Laurie Phaï, votre premier dossard, c’était où ? 


« En août 2013, au Tripou Trail de 12 km en Aveyron. Je suis partie comme une cinglée, du coup, j’étais cuite au bout de 2 km. J’ai souffert mais cela m’a plu ! Il faisait beau, y’avait de la musique, un super ravito… Après des années passées dans des gymnases, j’avais trouvé ma reconversion ! »


Vous avez remporté 4 fois le Trail d’Angkor, une course chère à votre cœur…

« En effet, mon père est Cambodgien. Pendant trois ans, il a été prisonnier dans un camp khmer rouge. Parents et sœurs assassinés, un vrai traumatisme. J’ai appris tout cela tardivement. En 1978, il s’est réfugié en France, a rencontré ma mère qui donnait des cours d’alphabétisation aux réfugiés et ils ont eu 3 ans, dont moi, la dernière. 
En mai 2016, lors d’un trail au Pic Saint Loup je rencontre Ludovic Collet, speaker phare du trail et coach. Il me parle de l’Ultra-trail d’Angkor et me propose d’y aller en 2017. Je n’y avais jamais mis les pieds. Ce séjour a été très fort, tout un symbole, je découvrais enfin mes origines. J’ai couru le 32 km sans objectif, je me suis sentie bien. Quand j’ai passé la ligne en vainqueur, j’ai pensé à mon père qui avait couru sur ce sol pour fuir les khmers rouges. »
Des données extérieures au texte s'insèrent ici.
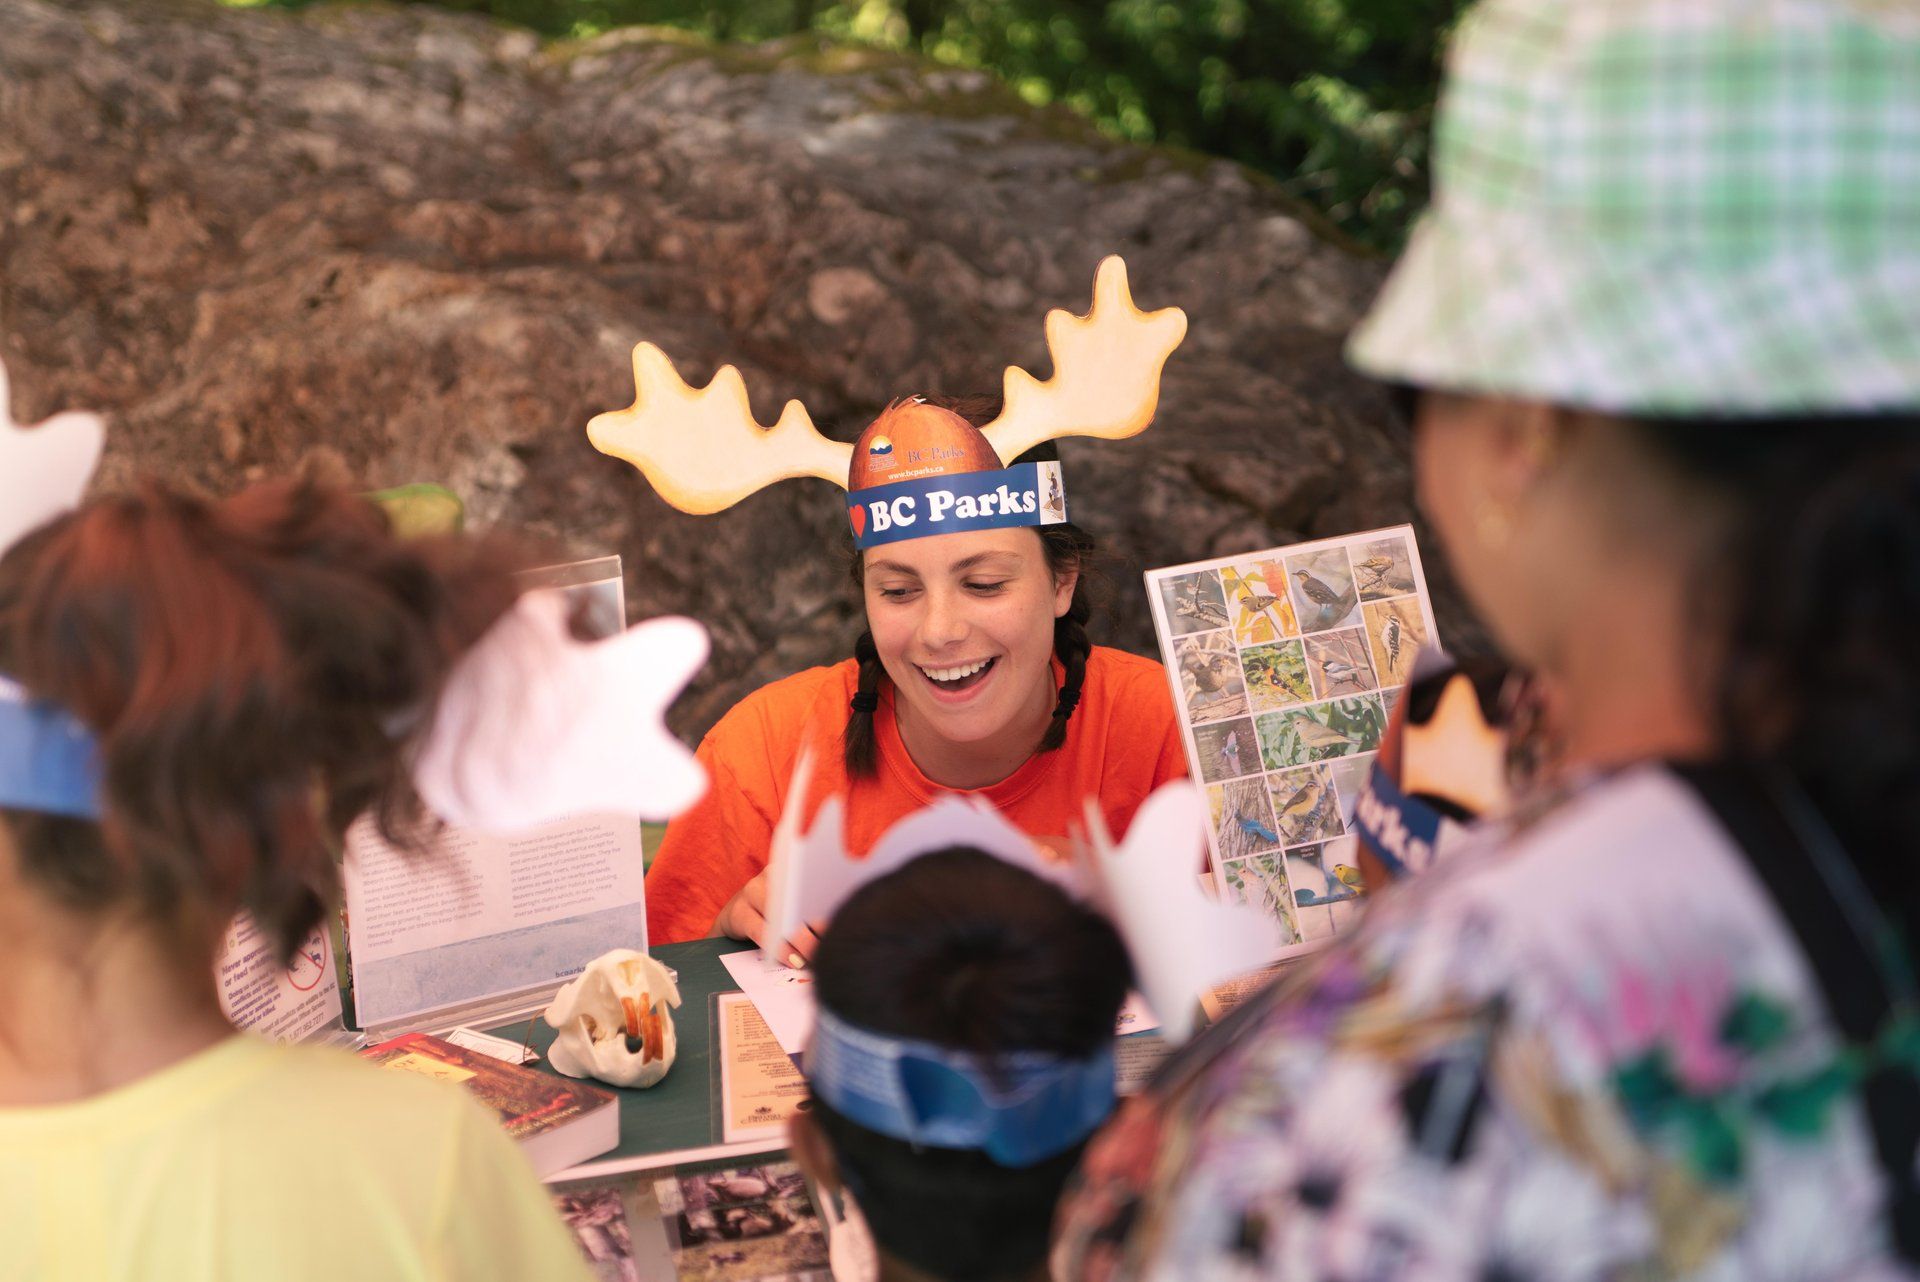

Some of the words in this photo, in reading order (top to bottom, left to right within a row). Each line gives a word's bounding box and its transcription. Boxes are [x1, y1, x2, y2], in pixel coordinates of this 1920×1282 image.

Cette première course à Angkor a été un déclic

« Suite à la course, un journaliste qui vit au Cambodge m’a mis en contact avec le Comité Olympique Cambodgien qui m’a proposé de me préparer sur des objectifs sur la route et de créer une équipe de trail pour les championnats du monde de 2019. Cela a changé ma vie et m’a surtout rapproché de mon père en permettant de mieux le comprendre. »

Le documentaire Au-dela du temps retrace le parcours de vie de Laurie Phaï.

Le documentaire Au-delà du temps d’Andy Collet retrace votre histoire. Comment est né ce projet de film ?


« Andy est réalisateur professionnel, c’est le frère de Ludovic Collet, qui m’a coaché et a eu l’idée de ce documentaire. Il m’a suivi au semi de Montpellier en 2018 et a interviewé mon père, qui s’est livré face caméra pour la première fois sur sa capture, sa fuite et ses blessures. Une séquence très forte. Puis Andy m’a suivi pendant près de 4 ans pour réaliser ce documentaire. Il a reçu deux prix du meilleur documentaire. J’espère qu’il sera bientôt disponible en VOD. »

Quel est votre plus beau souvenir de course Laurie Phaï ?

« Les championnats du monde de trail en 2019, sans hésitation. Nous étions 5 franco-cambodgiens, tous amateurs avec des ancêtres victimes de la guerre. On représentait pour la première fois le Cambodge aux championnats du monde de trail et on a vécu un truc fou. A chaque fois que je regarde la séquence qui résume ce moment dans le documentaire (que j’ai déjà vu au moins 25 fois), les larmes coulent… »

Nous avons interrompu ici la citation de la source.